Spatial localization data
=== Begin Enclosure ===

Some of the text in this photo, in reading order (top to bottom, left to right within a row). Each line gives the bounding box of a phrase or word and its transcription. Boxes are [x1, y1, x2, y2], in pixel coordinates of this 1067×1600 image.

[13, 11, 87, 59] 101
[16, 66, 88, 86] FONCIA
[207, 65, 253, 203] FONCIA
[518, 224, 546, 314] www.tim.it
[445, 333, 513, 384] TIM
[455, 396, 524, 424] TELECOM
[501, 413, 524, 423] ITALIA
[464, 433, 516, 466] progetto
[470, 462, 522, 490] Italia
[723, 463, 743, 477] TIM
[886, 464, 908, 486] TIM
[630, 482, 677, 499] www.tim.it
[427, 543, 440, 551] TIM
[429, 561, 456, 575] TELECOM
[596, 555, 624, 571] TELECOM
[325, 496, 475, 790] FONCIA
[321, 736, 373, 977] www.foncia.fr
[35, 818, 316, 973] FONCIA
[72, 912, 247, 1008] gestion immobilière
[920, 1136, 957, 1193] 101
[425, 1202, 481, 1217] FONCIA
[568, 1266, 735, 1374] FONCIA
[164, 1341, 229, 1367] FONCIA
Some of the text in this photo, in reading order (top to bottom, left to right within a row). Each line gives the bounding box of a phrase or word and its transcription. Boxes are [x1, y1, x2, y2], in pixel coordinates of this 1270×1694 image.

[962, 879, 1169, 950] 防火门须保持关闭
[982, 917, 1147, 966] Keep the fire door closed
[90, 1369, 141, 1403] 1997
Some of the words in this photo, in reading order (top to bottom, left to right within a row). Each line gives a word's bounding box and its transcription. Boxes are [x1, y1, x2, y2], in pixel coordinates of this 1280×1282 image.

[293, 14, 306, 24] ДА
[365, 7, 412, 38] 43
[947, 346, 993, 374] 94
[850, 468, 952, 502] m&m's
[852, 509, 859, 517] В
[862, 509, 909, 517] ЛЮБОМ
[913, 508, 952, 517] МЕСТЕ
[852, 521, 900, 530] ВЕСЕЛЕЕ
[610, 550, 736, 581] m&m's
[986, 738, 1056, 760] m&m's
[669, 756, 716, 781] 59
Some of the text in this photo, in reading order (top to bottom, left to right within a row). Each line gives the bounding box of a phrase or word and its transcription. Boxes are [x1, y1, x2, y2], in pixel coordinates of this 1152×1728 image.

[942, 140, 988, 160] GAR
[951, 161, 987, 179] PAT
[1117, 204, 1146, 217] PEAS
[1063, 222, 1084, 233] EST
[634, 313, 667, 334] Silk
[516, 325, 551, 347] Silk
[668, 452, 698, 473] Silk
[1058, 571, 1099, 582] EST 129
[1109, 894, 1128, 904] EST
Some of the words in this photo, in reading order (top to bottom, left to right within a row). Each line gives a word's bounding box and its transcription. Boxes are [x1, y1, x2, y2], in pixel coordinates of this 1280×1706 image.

=== End Enclosure ===

- [Action item]
Copy each line of the records verbatim.

- [Task solution]
Some of the text in this photo, in reading order (top to bottom, left to right within a row). Each line gives the bounding box of a phrase or word and its transcription. Boxes are [x1, y1, x2, y2], in pixel coordinates of this 1067×1600 image.

[13, 11, 87, 59] 101
[16, 66, 88, 86] FONCIA
[207, 65, 253, 203] FONCIA
[518, 224, 546, 314] www.tim.it
[445, 333, 513, 384] TIM
[455, 396, 524, 424] TELECOM
[501, 413, 524, 423] ITALIA
[464, 433, 516, 466] progetto
[470, 462, 522, 490] Italia
[723, 463, 743, 477] TIM
[886, 464, 908, 486] TIM
[630, 482, 677, 499] www.tim.it
[427, 543, 440, 551] TIM
[429, 561, 456, 575] TELECOM
[596, 555, 624, 571] TELECOM
[325, 496, 475, 790] FONCIA
[321, 736, 373, 977] www.foncia.fr
[35, 818, 316, 973] FONCIA
[72, 912, 247, 1008] gestion immobilière
[920, 1136, 957, 1193] 101
[425, 1202, 481, 1217] FONCIA
[568, 1266, 735, 1374] FONCIA
[164, 1341, 229, 1367] FONCIA
Some of the text in this photo, in reading order (top to bottom, left to right within a row). Each line gives the bounding box of a phrase or word and its transcription. Boxes are [x1, y1, x2, y2], in pixel coordinates of this 1270×1694 image.

[962, 879, 1169, 950] 防火门须保持关闭
[982, 917, 1147, 966] Keep the fire door closed
[90, 1369, 141, 1403] 1997
Some of the words in this photo, in reading order (top to bottom, left to right within a row). Each line gives a word's bounding box and its transcription. Boxes are [x1, y1, x2, y2], in pixel coordinates of this 1280×1282 image.

[293, 14, 306, 24] ДА
[365, 7, 412, 38] 43
[947, 346, 993, 374] 94
[850, 468, 952, 502] m&m's
[852, 509, 859, 517] В
[862, 509, 909, 517] ЛЮБОМ
[913, 508, 952, 517] МЕСТЕ
[852, 521, 900, 530] ВЕСЕЛЕЕ
[610, 550, 736, 581] m&m's
[986, 738, 1056, 760] m&m's
[669, 756, 716, 781] 59
Some of the text in this photo, in reading order (top to bottom, left to right within a row). Each line gives the bounding box of a phrase or word and its transcription. Boxes are [x1, y1, x2, y2], in pixel coordinates of this 1152×1728 image.

[942, 140, 988, 160] GAR
[951, 161, 987, 179] PAT
[1117, 204, 1146, 217] PEAS
[1063, 222, 1084, 233] EST
[634, 313, 667, 334] Silk
[516, 325, 551, 347] Silk
[668, 452, 698, 473] Silk
[1058, 571, 1099, 582] EST 129
[1109, 894, 1128, 904] EST
Some of the words in this photo, in reading order (top to bottom, left to right within a row). Each line gives a word's bounding box and its transcription. Boxes are [x1, y1, x2, y2], in pixel coordinates of this 1280×1706 image.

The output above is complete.